August 26th, 2011 6:46 PM by Lehel S.
The 30-year, fixed-rate mortgage hit lows not seen in five decades this week as the Federal Reserve committed to keeping the federal funds rate low through 2013, according to the Freddie Mac Primary Mortgage Market Survey.
European debt concerns also riled the market, staving off a hike in mortgage rates, according to Frank Nothaft, vice president and chief economist for Freddie Mac.
The 30-year, fixed-rate mortgage dropped to 4.15% from 4.32% a week earlier and 4.42% last year. Nothaft said 30-year, fixed mortgage rates are at their lowest levels in five decades.

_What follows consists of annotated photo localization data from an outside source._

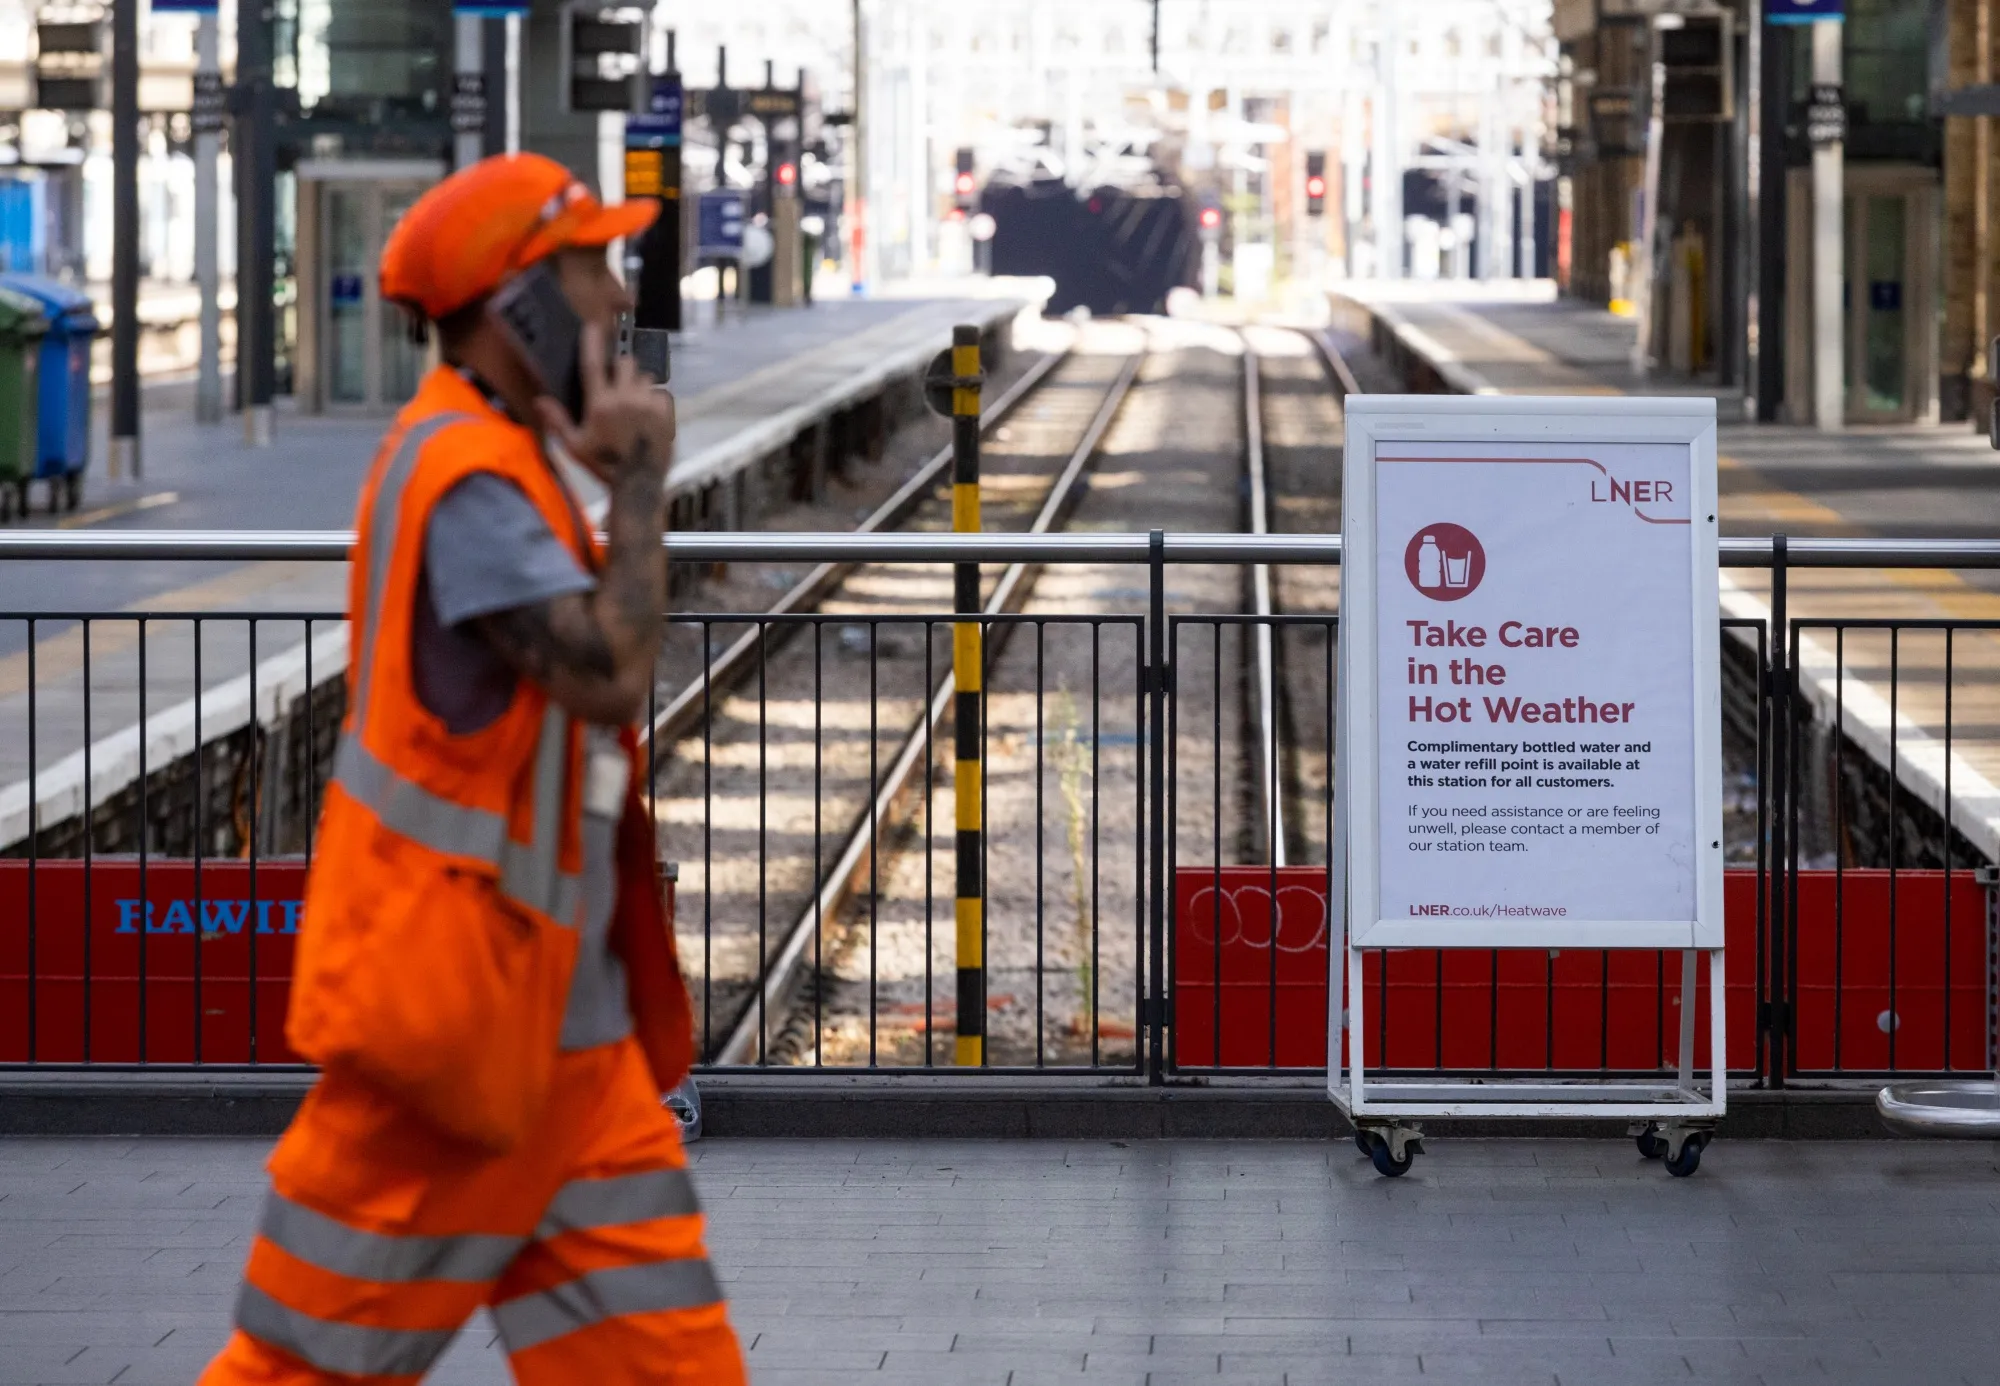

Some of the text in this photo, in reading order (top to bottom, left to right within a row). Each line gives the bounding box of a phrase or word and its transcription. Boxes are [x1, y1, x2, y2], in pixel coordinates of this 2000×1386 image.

[1592, 476, 1673, 506] LNER
[1406, 620, 1579, 648] Take Care
[1408, 657, 1506, 685] in the
[1409, 696, 1635, 723] Hot Weather
[1408, 740, 1651, 755] Complimentary bottled water and
[1408, 757, 1640, 772] a water refill point is available at
[1408, 774, 1614, 787] this station for all customers.
[1409, 804, 1660, 819] If you need assistance or are feeling
[1409, 821, 1660, 836] unwell, please contact a member of
[1409, 839, 1528, 851] our station team.
[1410, 903, 1566, 917] LNER.co.uk/Heatwave

Meanwhile, the 15-year, FRM hit 3.36%, down from 3.50% a week earlier and 3.90% last year. In addition, the 5-year Treasury-indexed hybrid adjustable-rate mortgage averaged 3.08% this week, down from 3.13% a week earlier and 3.56% a year ago, while the one-year Treasury-indexed ARM averaged 2.86%, down from 2.89% last week and 3.53% last year.
The low rates kept refinancing activity high. In the first half of 2011, refinancing applications represented nearly 70% of all mortgage activity.
Bankrate attributes the record low interest rates to "weakness in the U.S. economy and the accompanying demand for Treasury securities."
According to Bankrate's survey, the 30-year, FRM hit 4.45%, down from 4.46% last week, while the 15-year, FRM hit 3.58%, down from 3.61% a week earlier.
The 5/1 ARM fell to 3.15% from 3.24% a week earlier.